### WORK ITEM
Give a verbatim copy of the data, leaving the pictures out.

* * *

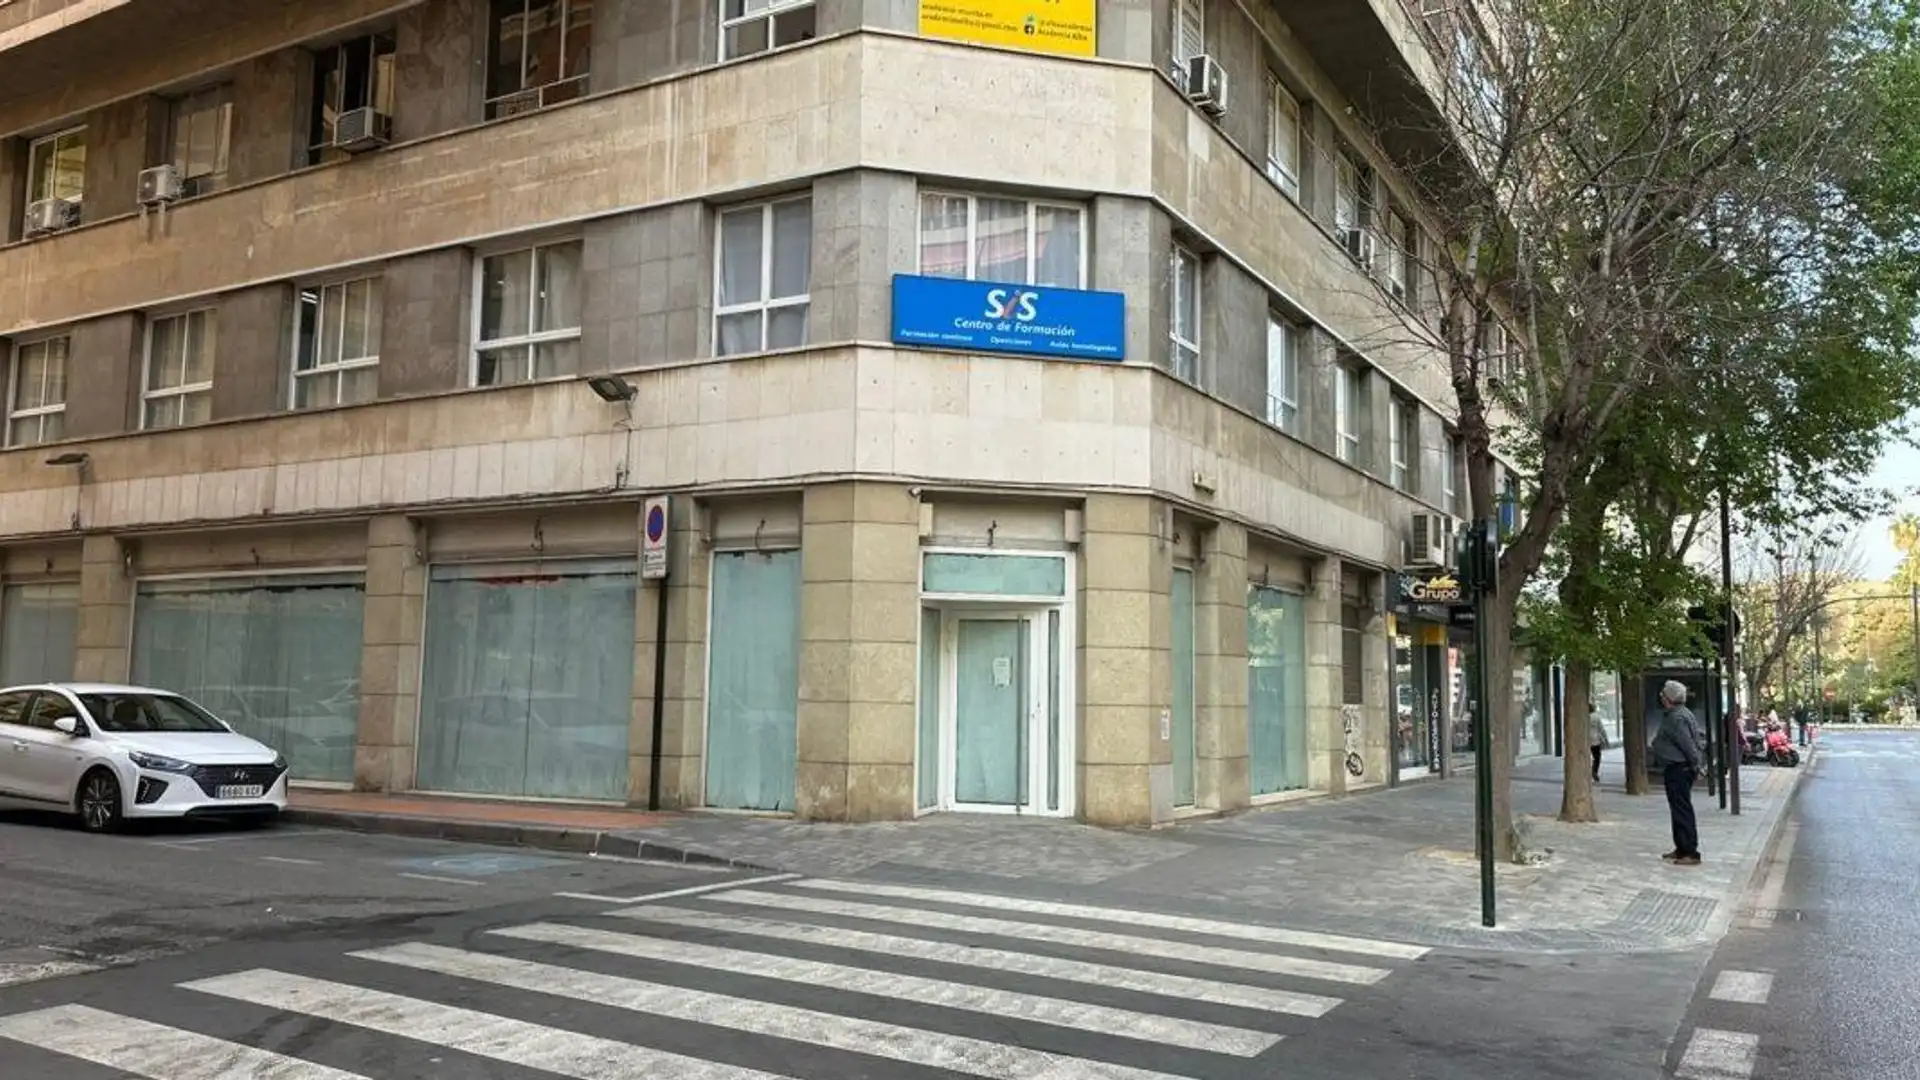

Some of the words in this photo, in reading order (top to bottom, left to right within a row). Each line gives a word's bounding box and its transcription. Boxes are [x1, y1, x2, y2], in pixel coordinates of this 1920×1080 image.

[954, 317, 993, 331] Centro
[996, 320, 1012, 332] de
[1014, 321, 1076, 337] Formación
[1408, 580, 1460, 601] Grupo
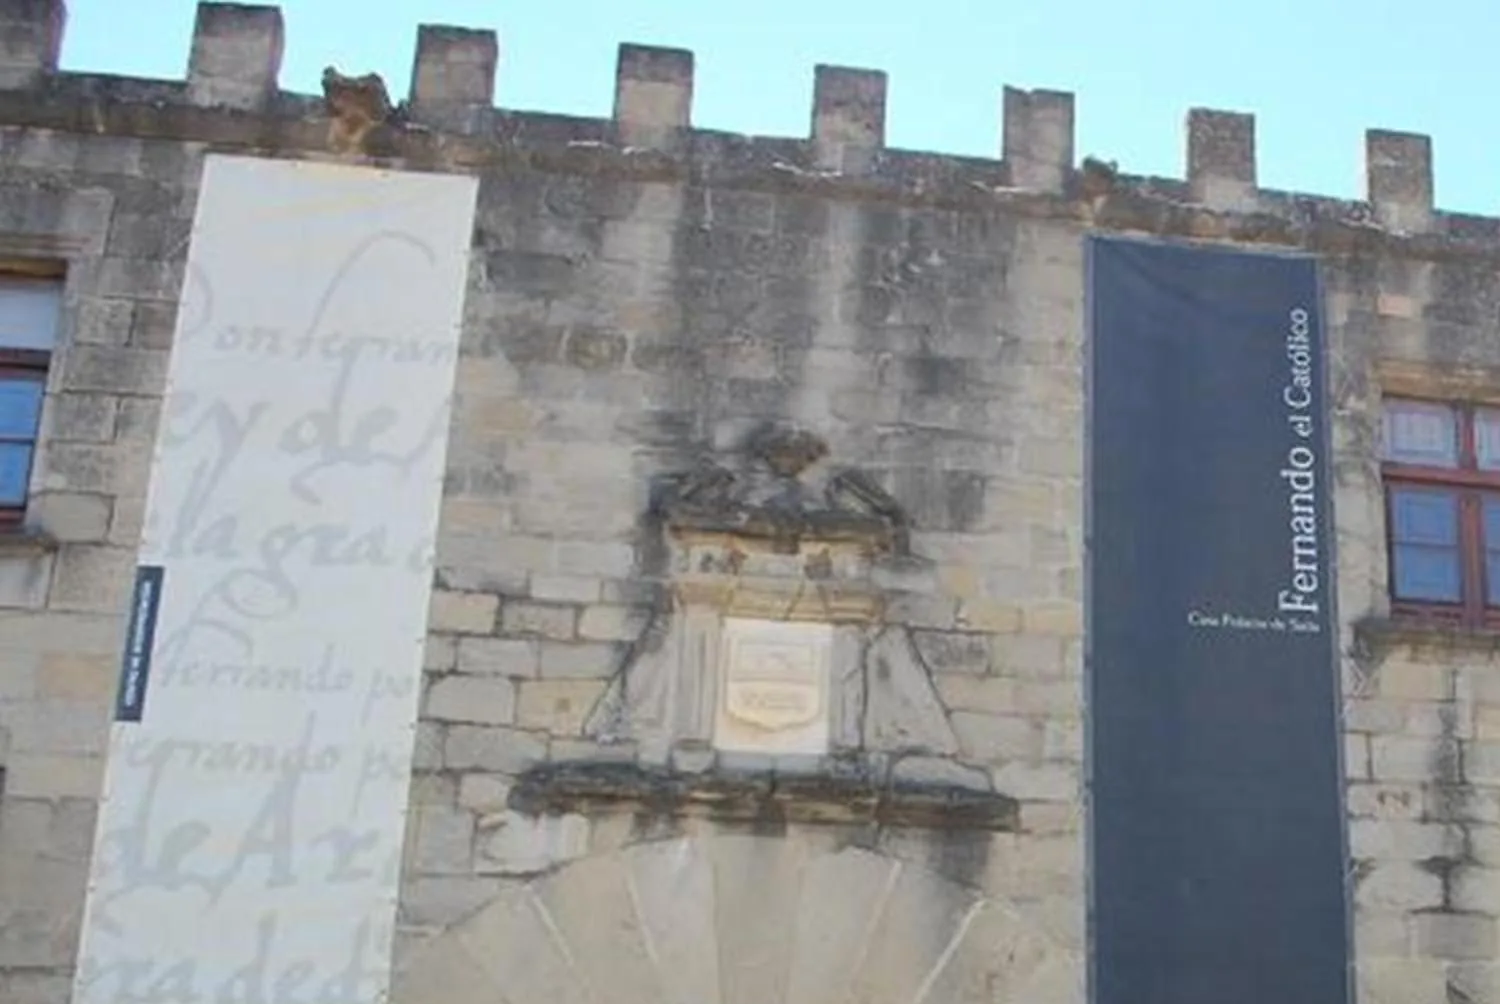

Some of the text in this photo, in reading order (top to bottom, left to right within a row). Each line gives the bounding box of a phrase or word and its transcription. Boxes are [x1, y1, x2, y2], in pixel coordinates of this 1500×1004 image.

* * *

### REPLY TO THE TASK
Some of the words in this photo, in reading order (top to bottom, left to right within a row). Each line gives a word's bounding box and its transcription. Boxes are [x1, y1, x2, y2], in pixel coordinates of this 1920×1080 image.

[954, 317, 993, 331] Centro
[996, 320, 1012, 332] de
[1014, 321, 1076, 337] Formación
[1408, 580, 1460, 601] Grupo

Some of the text in this photo, in reading order (top to bottom, left to right within a row). Each line gives the bounding box of a phrase or word and its transcription. Boxes are [x1, y1, x2, y2], in pixel coordinates of this 1500×1004 image.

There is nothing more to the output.